Em sua homenagem, transcrevo o prefácio do jornalista Sebastião Nery ao livro “Rompendo o Cerco”, que o doutor Ulysses me deu, com dedicatória, numa das suas passagens pela Paraíba:
Itararé na Bahia
Sebastião Nery
Ninguém me contou. Eu vi. Estava lá. Às 19 horas da tarde de sábado, no “hall” do hotel Praia-Mar, em Salvador, Ulysses Guimarães, Tancredo Neves, Roberto Saturnino e Freitas Nobre receberam a visita de toda a direção do MDB da Bahia com a notícia nervosa:
– A polícia militar cercou toda a praça do Campo Grande e comunicou oficialmente ao partido que não vai permitir a reunião para lançamento das candidaturas da Oposição ao Senado.
– Mas isto é ilegal. A portaria do Ministério da Justiça proíbe concentrações em praça pública, não em recinto fechado. A sede do partido é inviolável.
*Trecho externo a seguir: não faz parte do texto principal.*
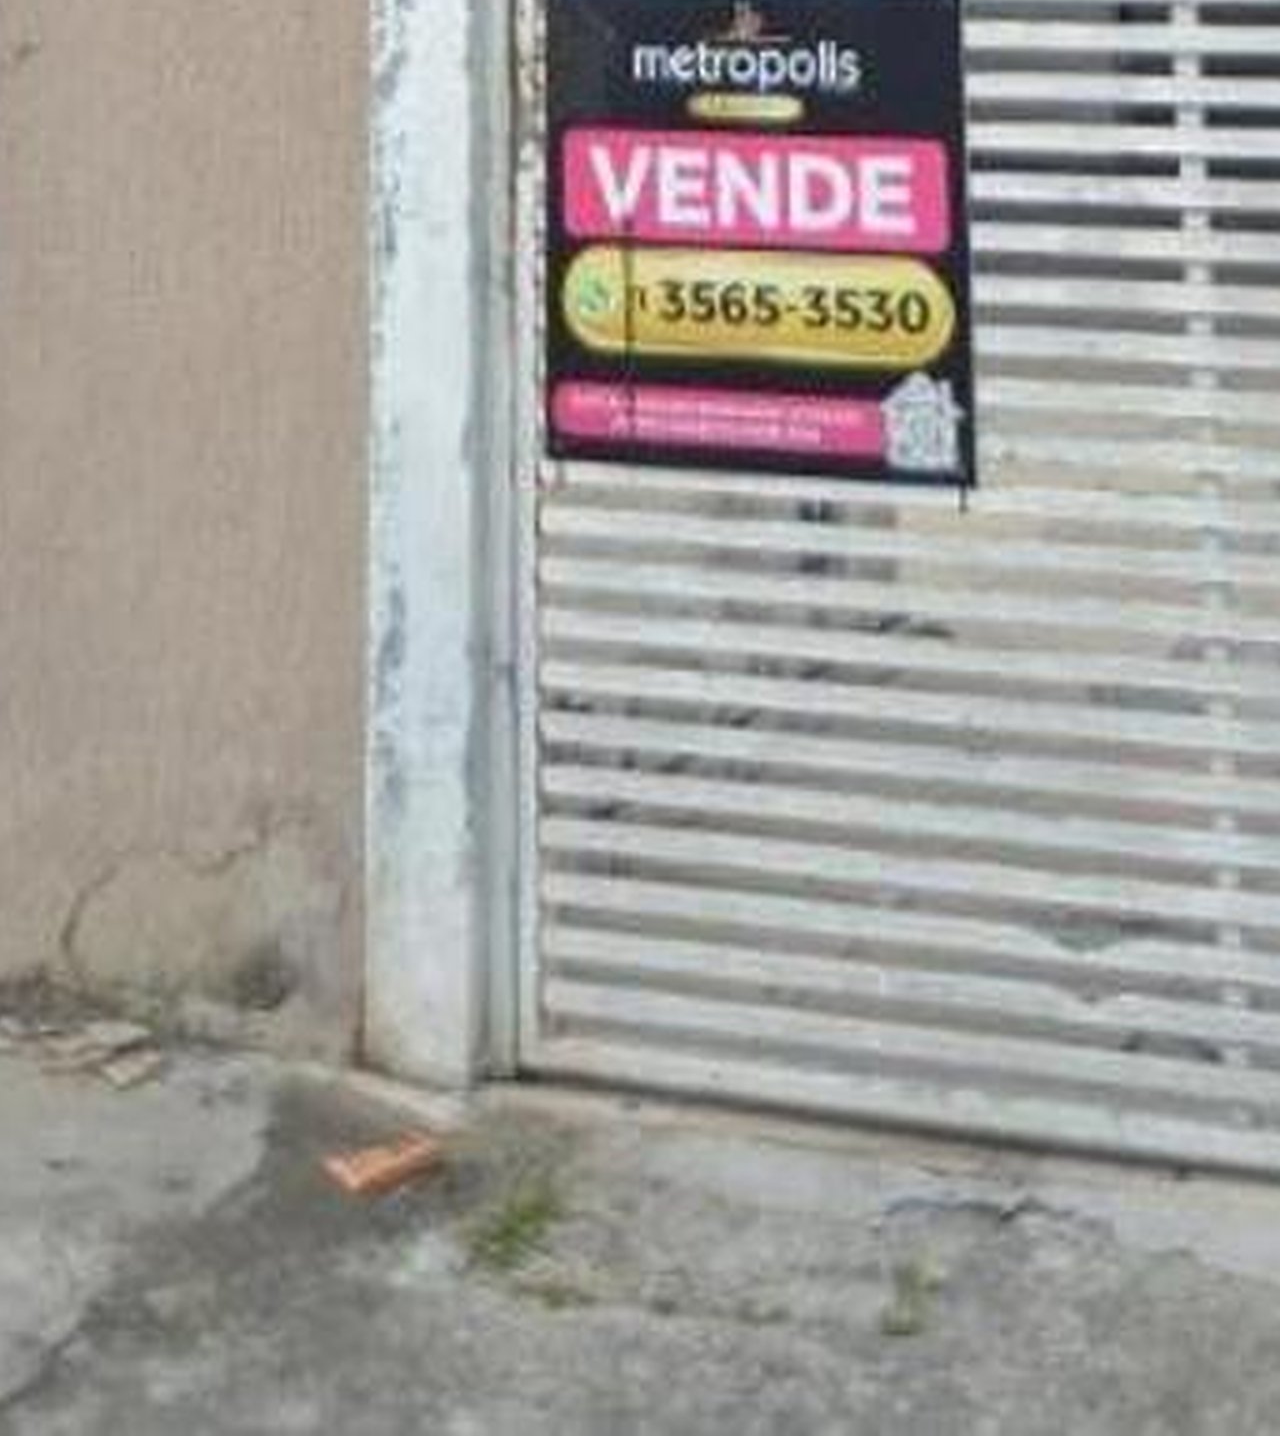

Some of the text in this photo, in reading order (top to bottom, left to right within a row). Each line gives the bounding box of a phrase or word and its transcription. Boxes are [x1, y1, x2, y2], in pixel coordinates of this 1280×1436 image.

[634, 41, 862, 91] metropolis
[588, 146, 918, 236] VENDE
[656, 278, 932, 335] 3565-3530
Ulysses esfregou as mãos na testa larga, desceu pelos olhos fechados, levantou-se:
– Vou entrar de qualquer jeito. Vamos entrar. É uma arbitrariedade sem limites.
Em vários automóveis, saímos todos, políticos e jornalistas. Foi marcado encontro em frente ao teatro Castro Alves, do outro lado da sede do PMDB. A praça era um campo de batalha: 500 homens de fuzil com baioneta calada, 28 caminhões-transportes, dezenas de patrulhas, lança-chamas e grossas cordas amarradas nos coqueiros em torno de toda a praça. Ulysses olhou, meditou, comandou:
– Vamos rápido, sem conversar.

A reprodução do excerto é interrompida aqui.